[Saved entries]
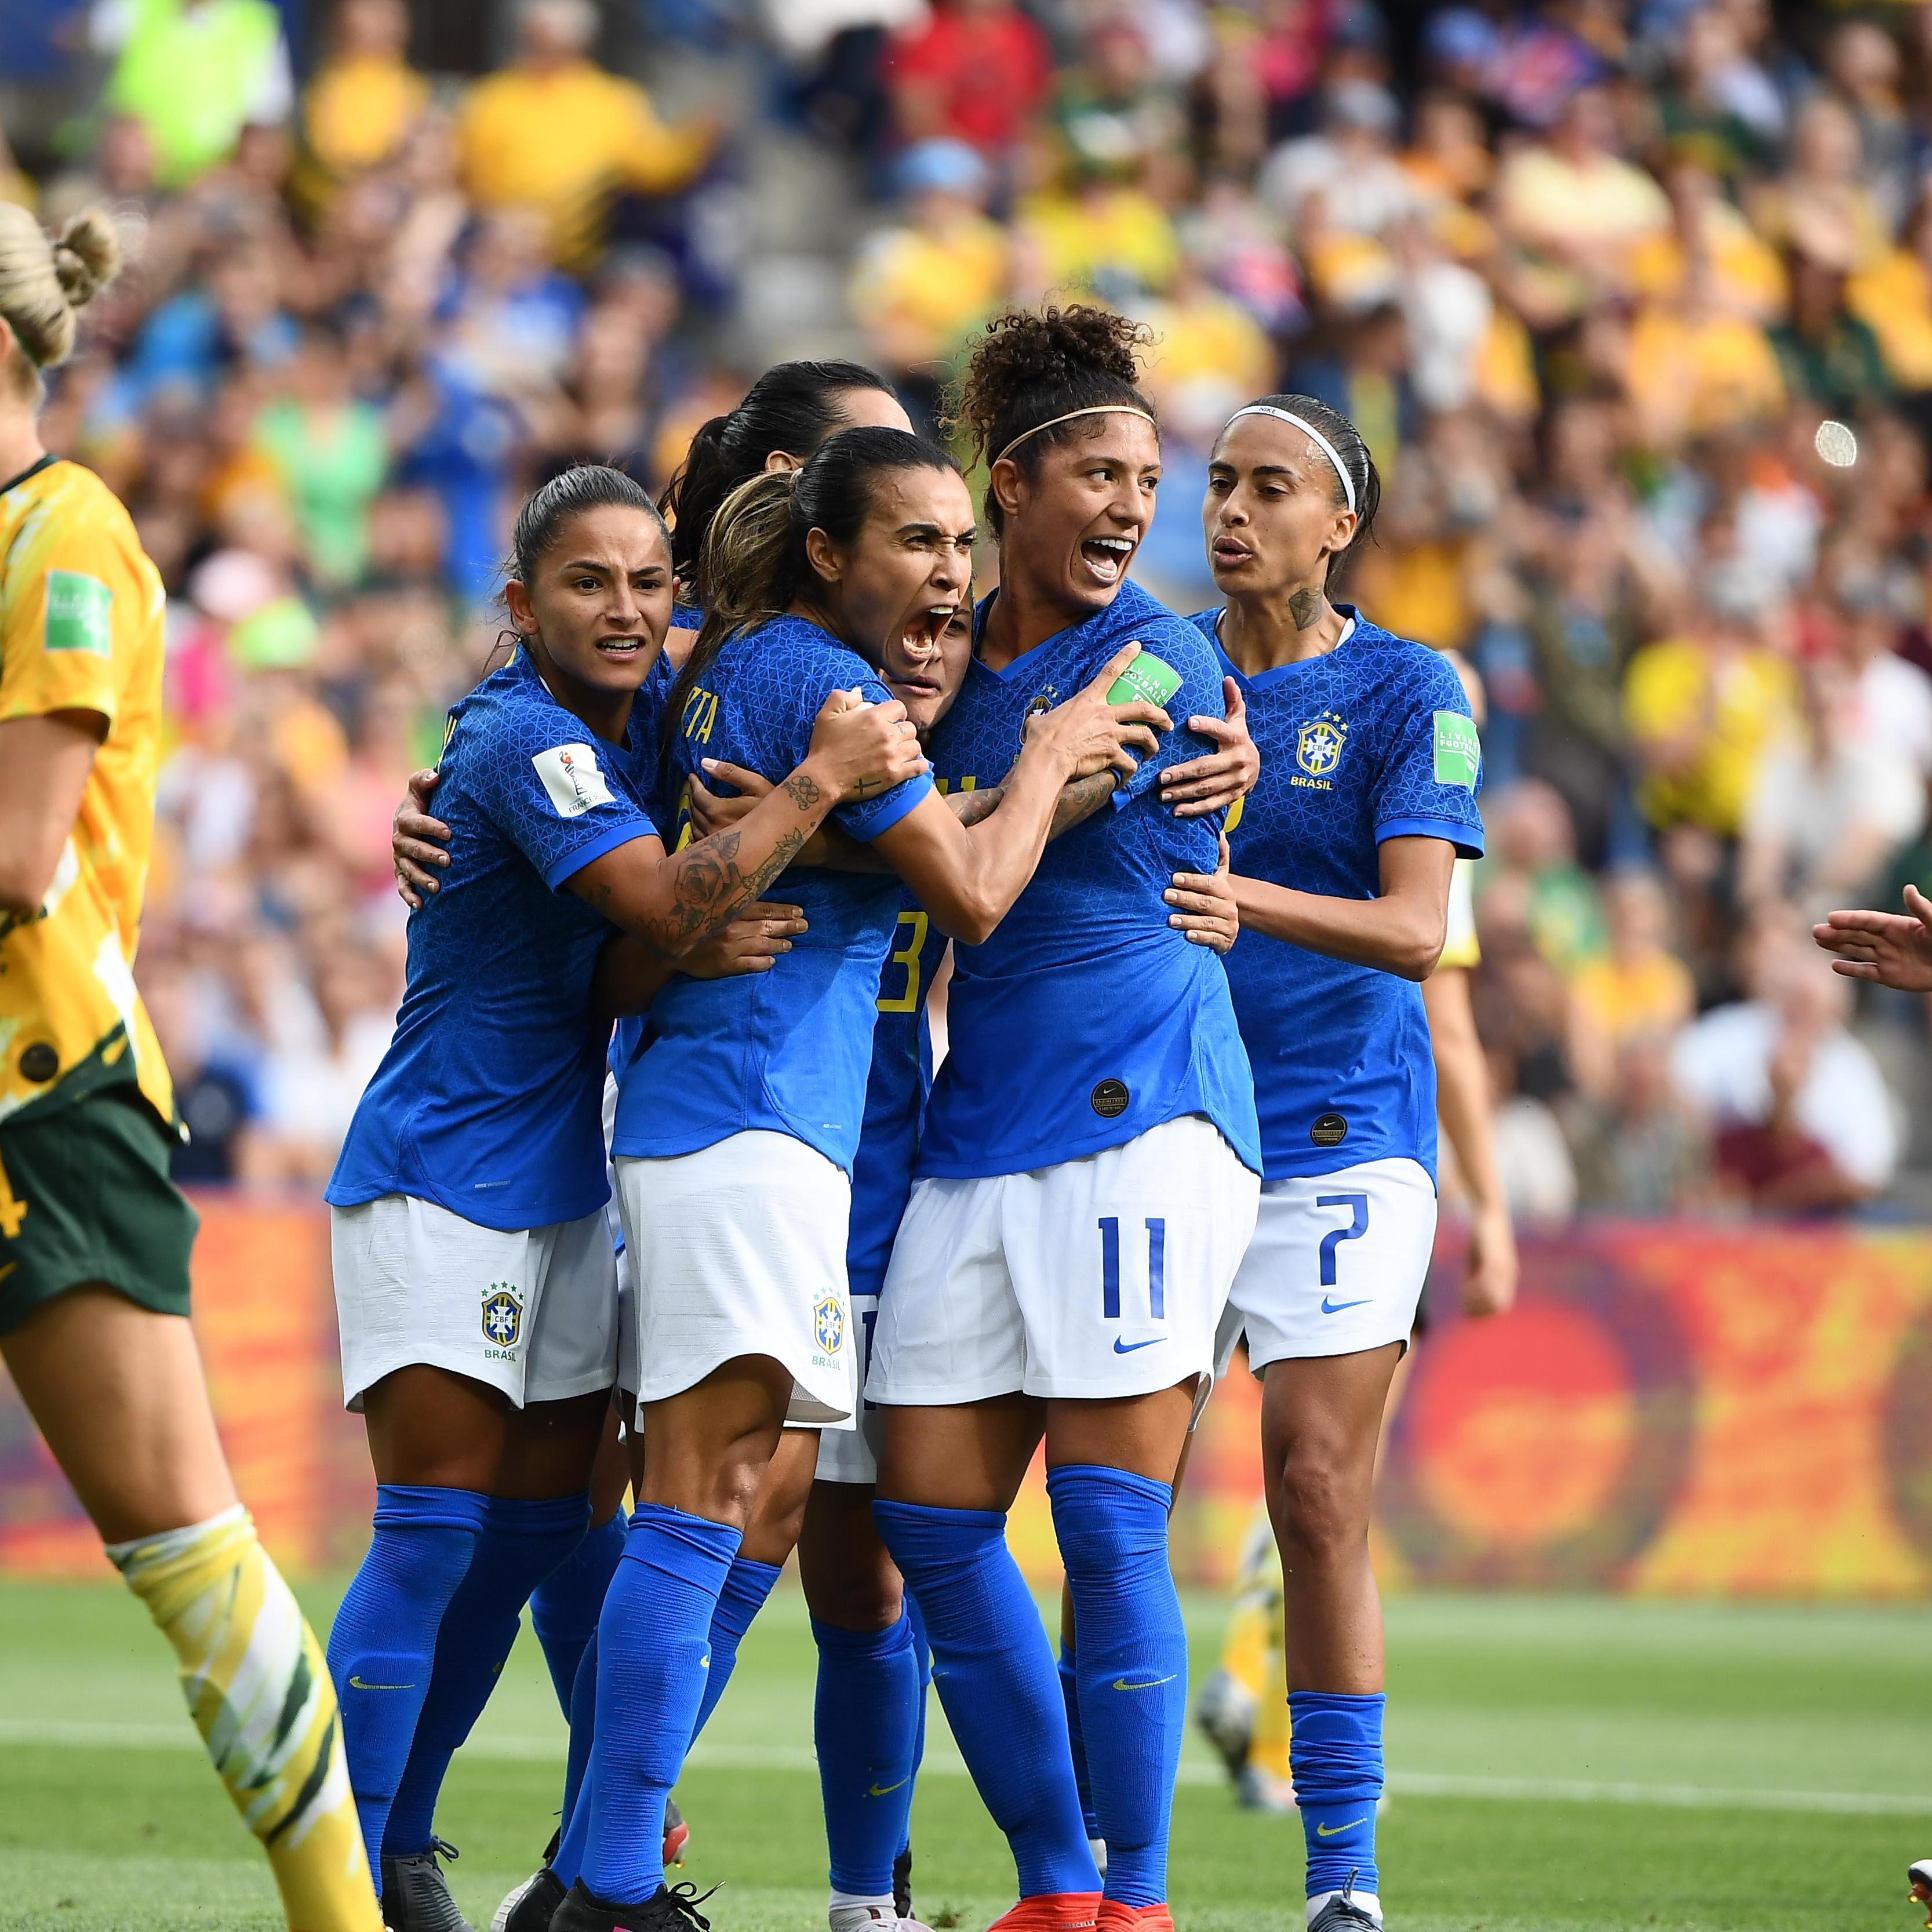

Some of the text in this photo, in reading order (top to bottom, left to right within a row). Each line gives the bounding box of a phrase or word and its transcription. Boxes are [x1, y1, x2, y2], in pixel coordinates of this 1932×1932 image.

[1124, 670, 1162, 703] OOTBALL
[1290, 776, 1333, 791] BRASIL
[1316, 1194, 1369, 1286] 7
[1098, 1217, 1165, 1320] 11
[484, 1349, 516, 1362] BRASIL
[812, 1355, 841, 1371] BRASIL
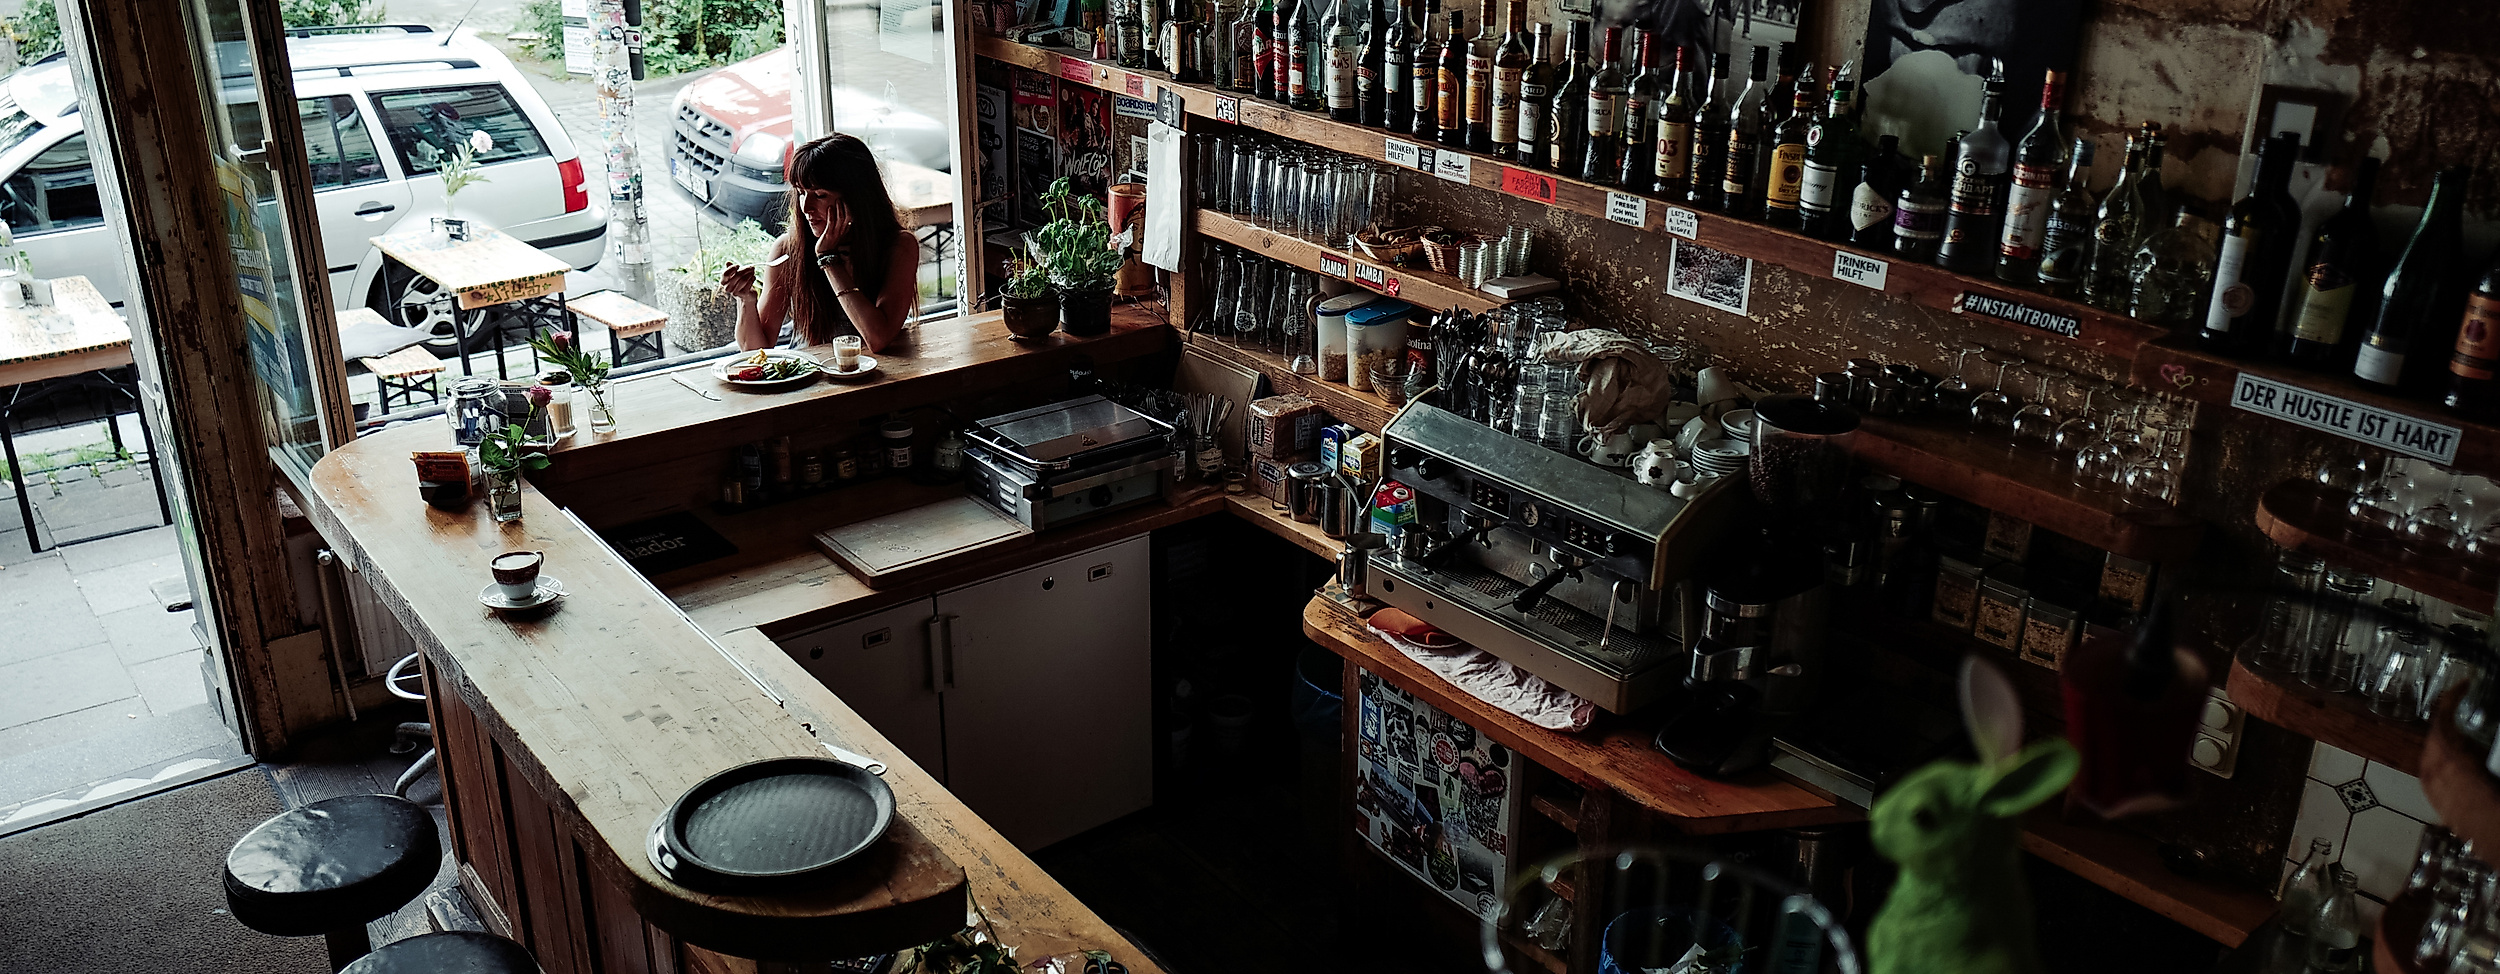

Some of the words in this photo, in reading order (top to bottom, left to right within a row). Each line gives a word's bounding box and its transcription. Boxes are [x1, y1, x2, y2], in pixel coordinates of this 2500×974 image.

[1217, 98, 1235, 111] FCK
[1217, 108, 1235, 121] AFD
[1387, 142, 1415, 155] TRINKEN
[1387, 151, 1406, 162] HILFT.
[1613, 192, 1629, 200] HALT
[1616, 201, 1638, 210] FRESSE
[1611, 215, 1640, 226] FUMMELN
[1624, 210, 1639, 219] WILL
[1838, 254, 1881, 274] TRINKEN
[1321, 257, 1348, 279] RAMBA
[1356, 262, 1383, 285] ZAMBA
[1837, 265, 1864, 281] HILFT.
[2240, 381, 2277, 410] DER
[2282, 392, 2353, 430] HUSTLE
[2357, 412, 2389, 439] IST
[2392, 421, 2452, 455] HART
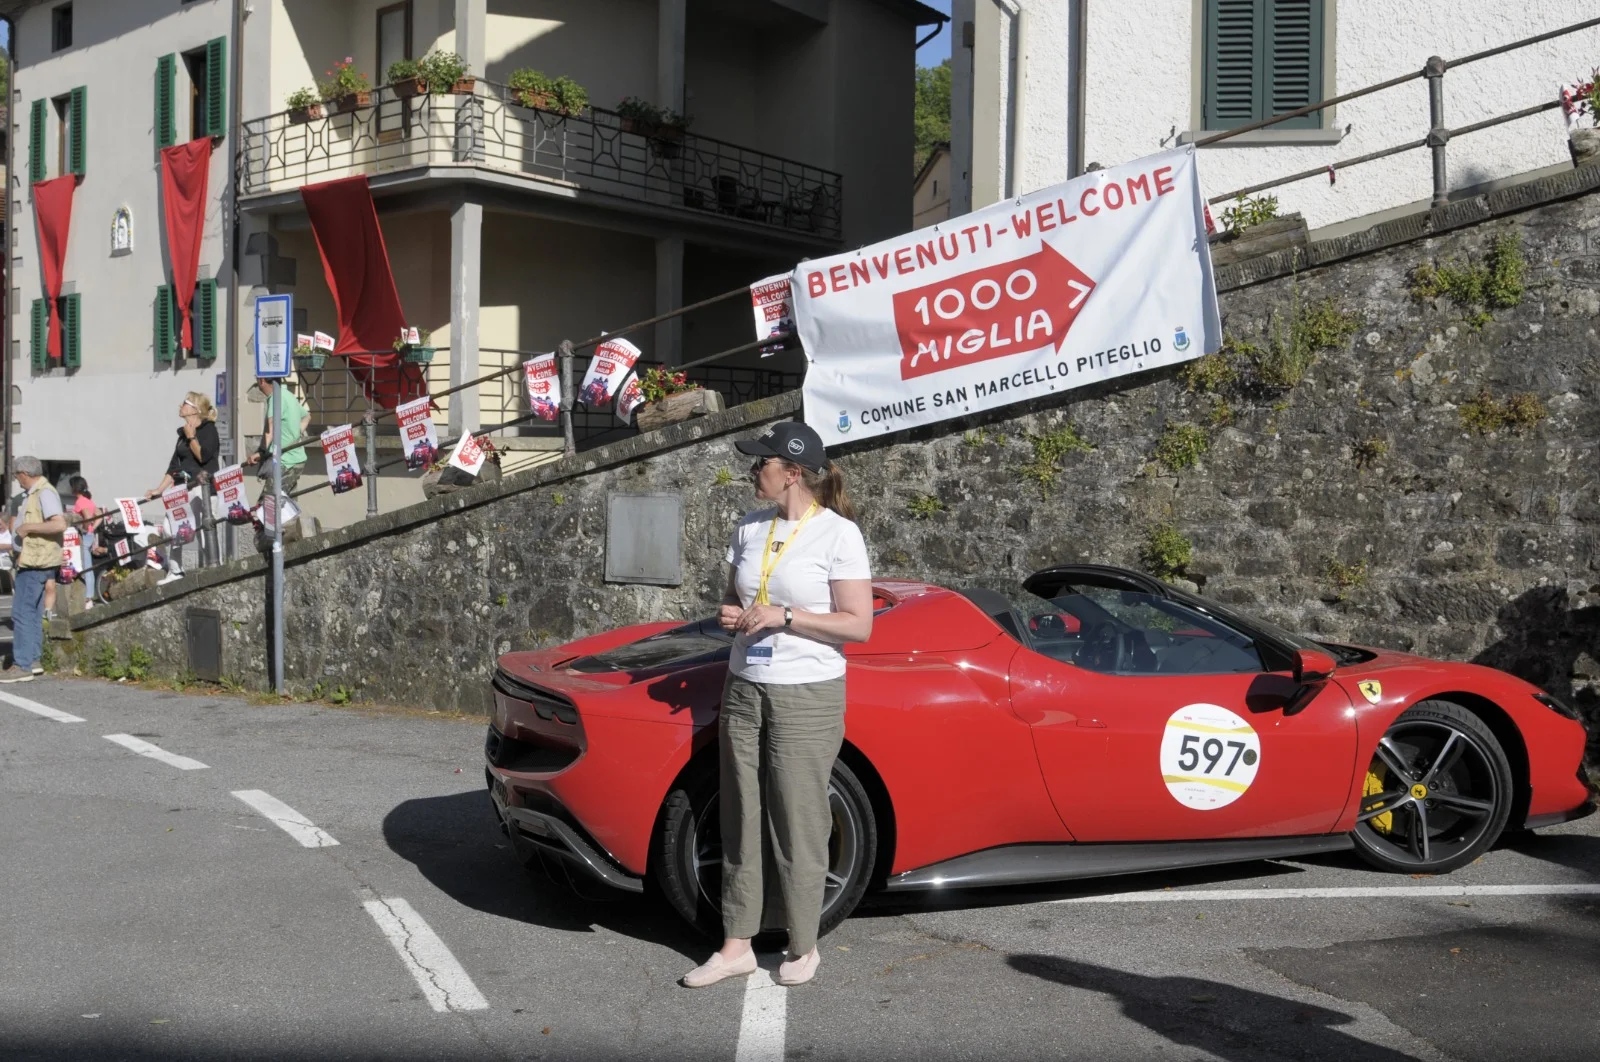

* _How to complete this task_: Every line above is to be duplicated exactly; no picture should be carried over.

* _Output for this task_:
Some of the text in this photo, in reading order (top to bottom, left to right within a row). Each line gives the bounding box of a phrase or word and its transcription. Boxes are [x1, y1, x2, y2], in pixel coordinates of this 1932×1932 image.

[1124, 670, 1162, 703] OOTBALL
[1290, 776, 1333, 791] BRASIL
[1316, 1194, 1369, 1286] 7
[1098, 1217, 1165, 1320] 11
[484, 1349, 516, 1362] BRASIL
[812, 1355, 841, 1371] BRASIL

Some of the words in this photo, in reading order (top to bottom, left to right within a row). Each line gives a word's bounding box and its transcription. Boxes are [x1, y1, x2, y2], in pixel coordinates of this 2500×974 image.

[1217, 98, 1235, 111] FCK
[1217, 108, 1235, 121] AFD
[1387, 142, 1415, 155] TRINKEN
[1387, 151, 1406, 162] HILFT.
[1613, 192, 1629, 200] HALT
[1616, 201, 1638, 210] FRESSE
[1611, 215, 1640, 226] FUMMELN
[1624, 210, 1639, 219] WILL
[1838, 254, 1881, 274] TRINKEN
[1321, 257, 1348, 279] RAMBA
[1356, 262, 1383, 285] ZAMBA
[1837, 265, 1864, 281] HILFT.
[2240, 381, 2277, 410] DER
[2282, 392, 2353, 430] HUSTLE
[2357, 412, 2389, 439] IST
[2392, 421, 2452, 455] HART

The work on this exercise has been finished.